After reading the data below, copy out every line that contains the word "INTO".
Exercise materials START
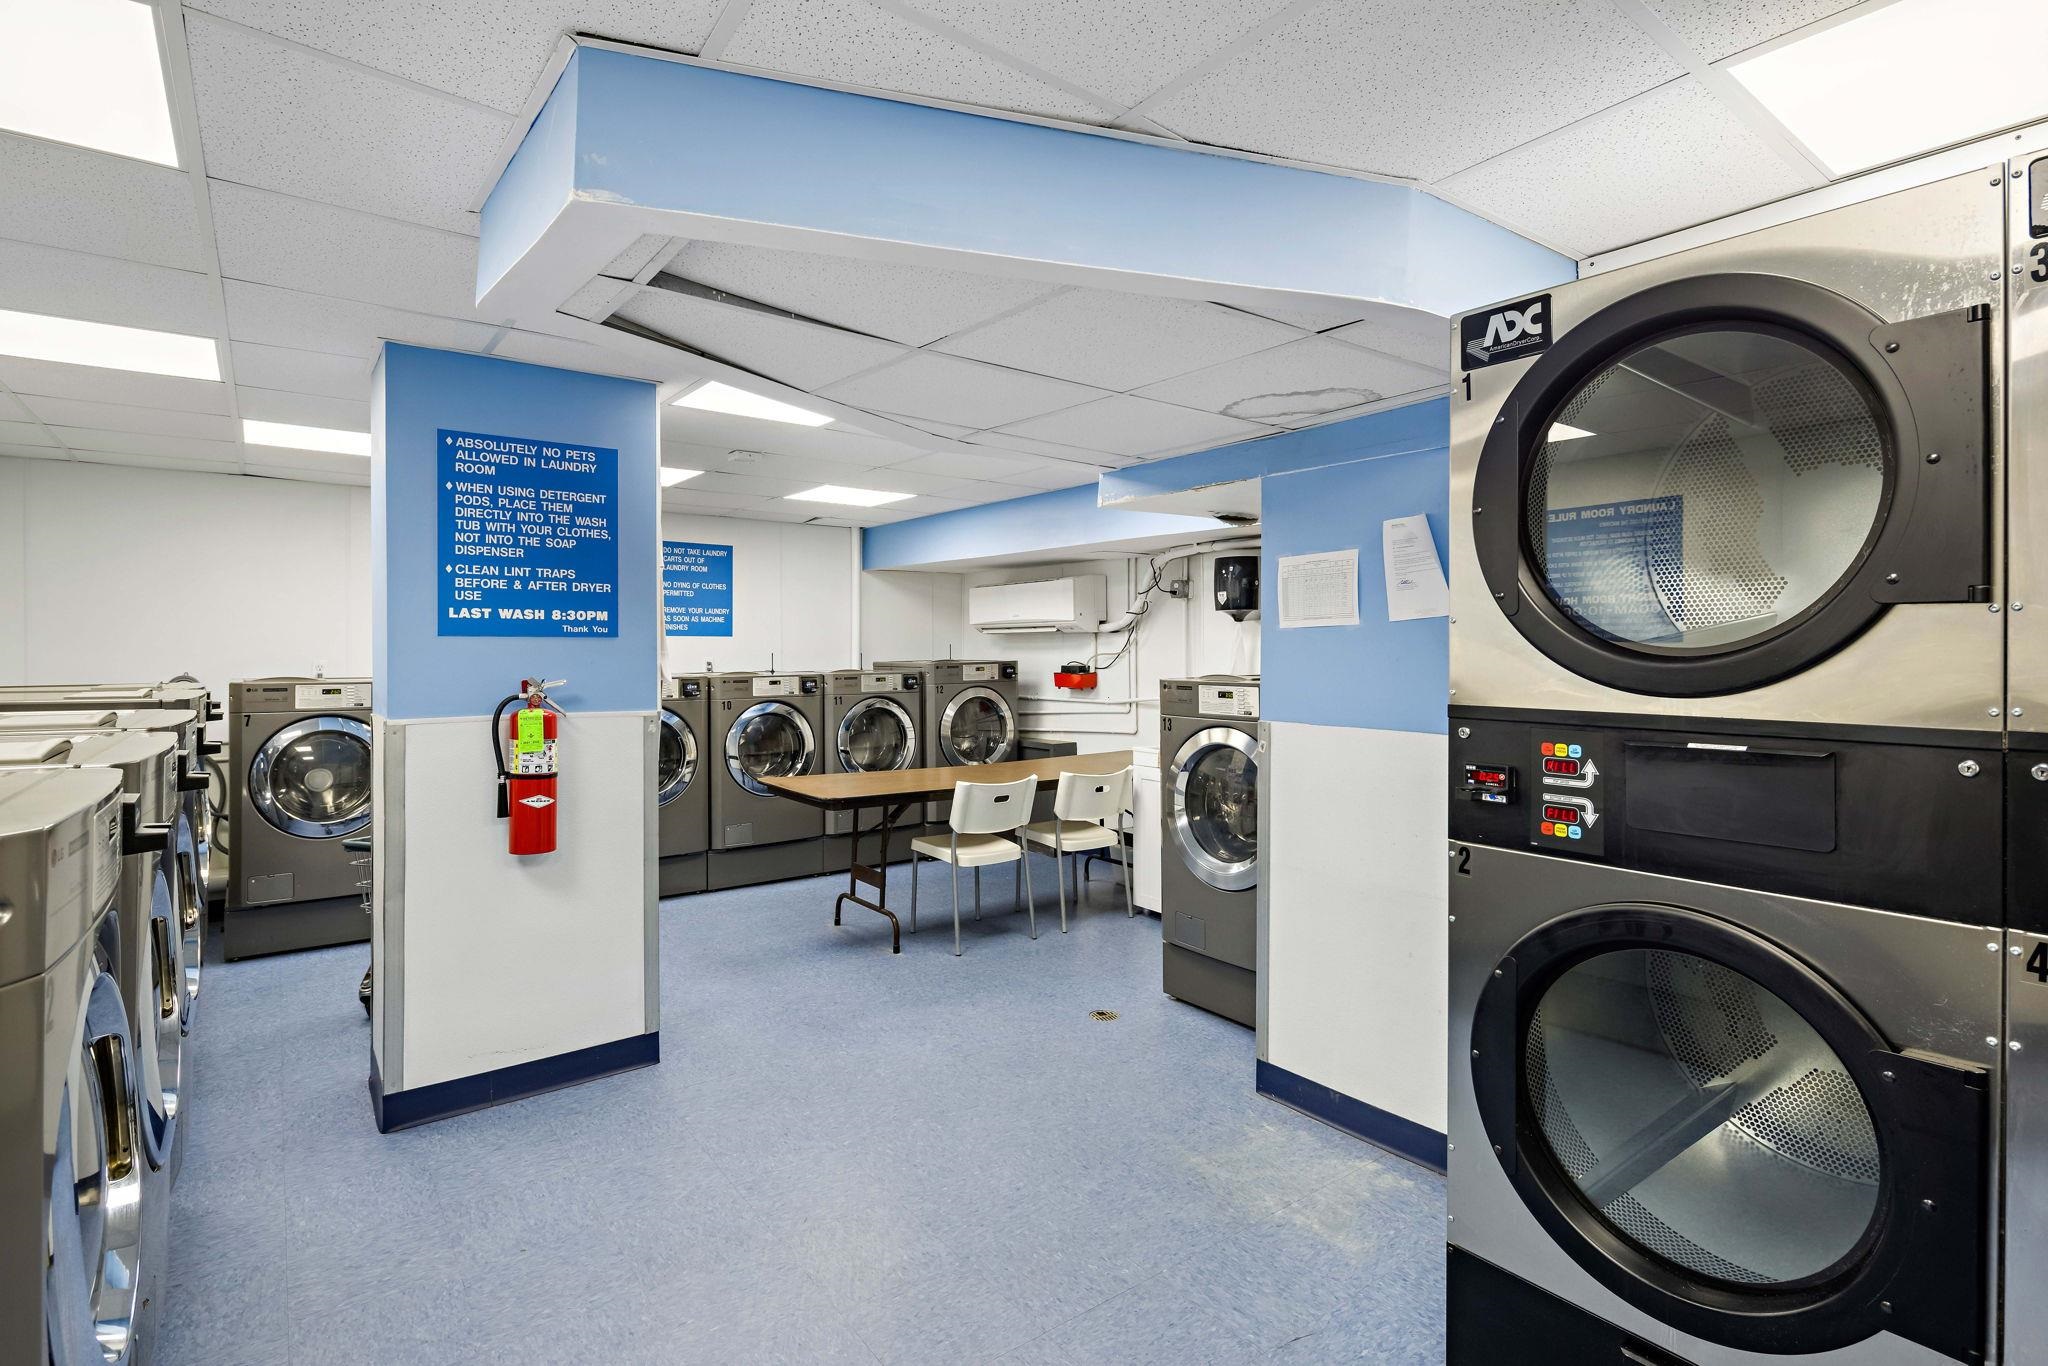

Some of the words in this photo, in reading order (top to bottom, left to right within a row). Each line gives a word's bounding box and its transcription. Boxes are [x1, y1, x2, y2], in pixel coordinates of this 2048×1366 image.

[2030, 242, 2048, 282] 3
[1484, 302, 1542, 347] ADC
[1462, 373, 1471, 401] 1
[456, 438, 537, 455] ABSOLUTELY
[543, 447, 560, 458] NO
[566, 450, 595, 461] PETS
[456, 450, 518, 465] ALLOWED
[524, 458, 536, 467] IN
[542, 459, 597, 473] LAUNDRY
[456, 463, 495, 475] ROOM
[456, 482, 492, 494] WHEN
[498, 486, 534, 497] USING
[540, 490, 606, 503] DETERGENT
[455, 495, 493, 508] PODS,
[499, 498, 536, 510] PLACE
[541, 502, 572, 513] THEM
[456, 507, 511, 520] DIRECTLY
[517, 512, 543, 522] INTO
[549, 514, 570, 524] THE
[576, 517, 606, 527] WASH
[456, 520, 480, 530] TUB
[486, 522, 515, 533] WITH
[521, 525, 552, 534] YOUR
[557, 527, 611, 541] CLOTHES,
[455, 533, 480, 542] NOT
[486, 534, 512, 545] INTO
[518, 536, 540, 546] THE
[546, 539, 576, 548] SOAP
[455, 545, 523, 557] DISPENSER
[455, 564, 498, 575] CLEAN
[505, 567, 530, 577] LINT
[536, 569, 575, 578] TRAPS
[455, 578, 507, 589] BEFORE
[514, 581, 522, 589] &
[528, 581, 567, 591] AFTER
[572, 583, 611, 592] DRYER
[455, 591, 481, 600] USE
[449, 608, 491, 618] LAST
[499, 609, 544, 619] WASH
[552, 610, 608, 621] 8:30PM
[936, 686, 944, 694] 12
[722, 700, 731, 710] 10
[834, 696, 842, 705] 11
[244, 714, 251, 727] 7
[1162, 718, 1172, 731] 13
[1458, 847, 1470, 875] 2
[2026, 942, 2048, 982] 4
Exercise materials END
*Result for this task*.
[517, 512, 543, 522] INTO
[486, 534, 512, 545] INTO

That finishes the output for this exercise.